Page 33 of The Devil's Kingdom


  ‘Won’t you help me out here?’

  The argument had been going on all through their breakfast of French toast, scrambled eggs, and café au lait in Mama Lumumba’s homely but tiny kitchen, where all twelve of them were crowded around the table. Jude had got up that morning with an unusually rosy glow about him, mysteriously shared by Rae, though both were acting innocent; but ever since the matter of the diamond had been raised, Jude and Ben had been back at loggerheads over what to do with it and the atmosphere had grown tense. Jude was sick to death of carrying the thing around. He certainly didn’t want to keep it, however much it was worth, and he could see only one viable option for getting rid of it.

  Ben and Jeff were firmly opposed to the idea of handing it over to the police.

  ‘Why don’t you let Jude do what he wants with it?’ Rae challenged Ben. ‘And if he needs your help, why don’t you help him?’

  Jeff said through a mouthful of egg, ‘Because the cops will magic it away faster than … Tues, who’s that Yank magician we saw on the TV?’

  ‘David Blaine,’ Tuesday said.

  Jeff nodded. ‘Right. Faster than David Blaine.’ He made an exploding motion with his hands. ‘Poof. Now you see it, now you don’t.’
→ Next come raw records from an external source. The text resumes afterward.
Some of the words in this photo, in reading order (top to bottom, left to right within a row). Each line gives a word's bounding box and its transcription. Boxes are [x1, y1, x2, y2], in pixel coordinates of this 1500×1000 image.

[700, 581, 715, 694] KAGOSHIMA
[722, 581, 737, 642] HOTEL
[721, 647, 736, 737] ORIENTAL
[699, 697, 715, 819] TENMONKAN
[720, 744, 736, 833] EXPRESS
  ‘But I have to say …’ Tuesday added, frowning. He was eating with one hand, his bad arm in a sling.

  ‘What?’

  Tuesday shrugged his good shoulder. ‘At least then it’s out of our hair. Who really cares what happens to it, as long as it’s gone, and as long as Khosa can’t get his mitts on it again?’

  ‘There. See?’ Rae said, pointing at Tuesday and looking fiercely at Ben.
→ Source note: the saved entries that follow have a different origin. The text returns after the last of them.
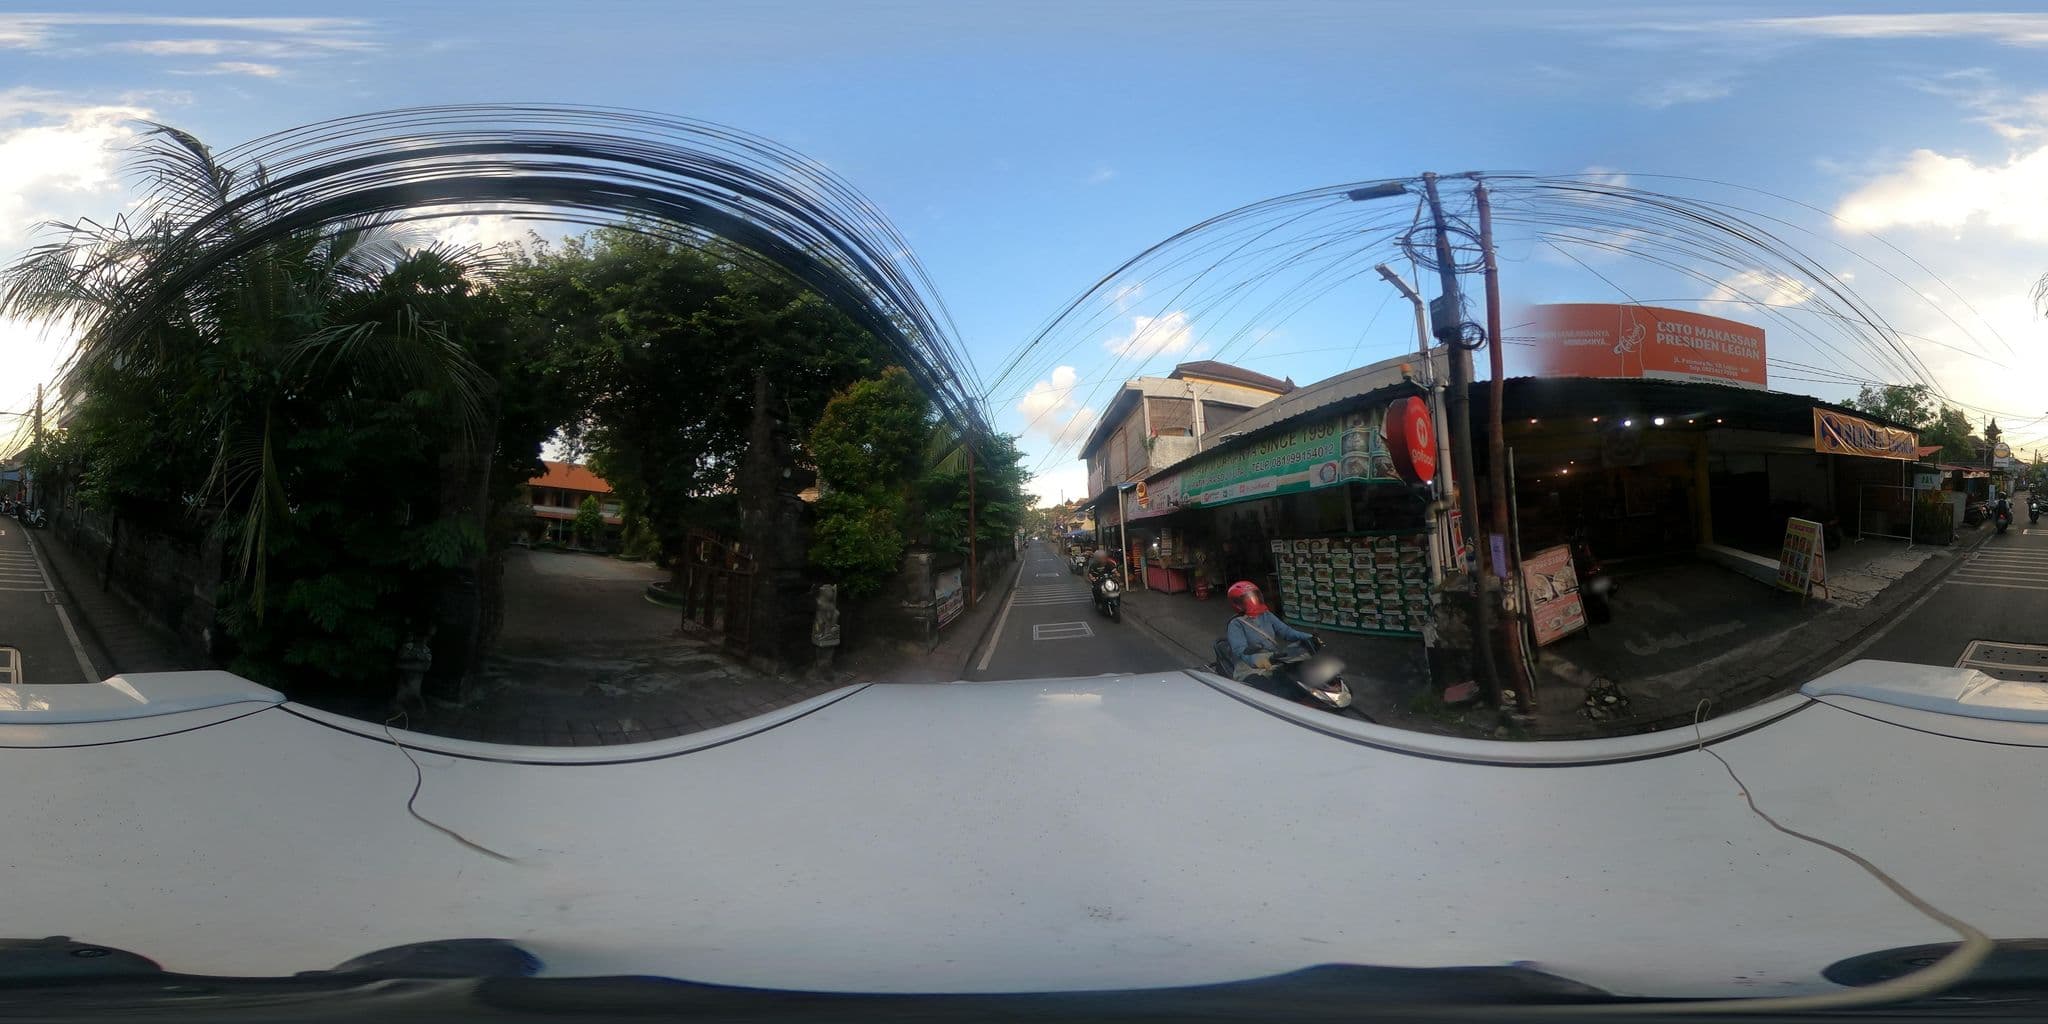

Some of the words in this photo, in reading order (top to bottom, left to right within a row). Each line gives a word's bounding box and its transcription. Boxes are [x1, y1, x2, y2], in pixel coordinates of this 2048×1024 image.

[1656, 321, 1692, 335] COTO
[1695, 326, 1758, 348] MAKASSAR
[1656, 332, 1720, 352] PRESIDEN
[1721, 343, 1760, 361] LEGIAN
[1260, 433, 1297, 455] SINCE
[1302, 423, 1336, 443] 1998
  ‘Besides, we don’t know for sure that it would just somehow vanish into the system,’ Jude said. ‘Why are you being so cynical?’

  ‘T.I.A.,’ Jeff said. ‘This Is Africa.’

  Ben looked across the table at Sizwe. ‘What do you think?’

  ‘I have no opinion on this,’ Sizwe said.

  ‘Three against two,’ Rae said, still looking fiercely at Ben.

  Ben put up his hands in submission. ‘Fine, you win. We’ll drive into the city this morning, find the police headquarters, assuming there is one, ask to see whoever’s in command and hand the diamond to him. Then it’s gone, come what may. Happy?’

  ‘And afterwards we’ll take you to the US Embassy and get you sorted out for a flight home,’ Jude said, looking at Rae. The two of them exchanged a lingering gaze that everyone except the children pretended not to notice. Sefu nudged Fabrice with his elbow and flashed a covert grin. Kids.

  ‘And then it’s a trip to the nearest bank,’ Jeff said. ‘Or Mama will nail our bollocks to the wall.’

  ‘You shouldn’t use language like that in front of them,’ Rae said, pointing at the boys.

  ‘Can’t take me anywhere, can you?’ Jeff grumbled.

  ‘What is bollocks?’ Juma asked, blinking.

  The plan started out with just Ben and Jude going to the police on their own, but quickly grew from there. Rae wanted to spend every available moment with Jude before she left, and nobody was about to deny her. Jeff was set on going along as backup. Tuesday, despite being bandaged and on painkillers, insisted on being present when the diamond was finally squared away. Meanwhile Mani, who appeared not to want to leave Ben’s side, kicked up a fuss about being left behind, which meant Juma and the others all wanted to be there as well, which in turn meant that Sizwe decided to tag along in order to be close to Juma.

  In the end, after helping Mama do the breakfast dishes, the whole motley band of twelve set off into Brazzaville in the stolen Land Rover which, Rae kept reminding Ben, was only borrowed and would have to be returned to the golf club later.

  Jeff rolled his eyes at Ben, as if to say, What a ball buster. But Ben was liking Rae more all the time. And he could tell from the look on Jude’s face that this was more than just some passing fling for him. For just one good thing to have come out of the horror and suffering they’d all been through, was more than Ben could have wished.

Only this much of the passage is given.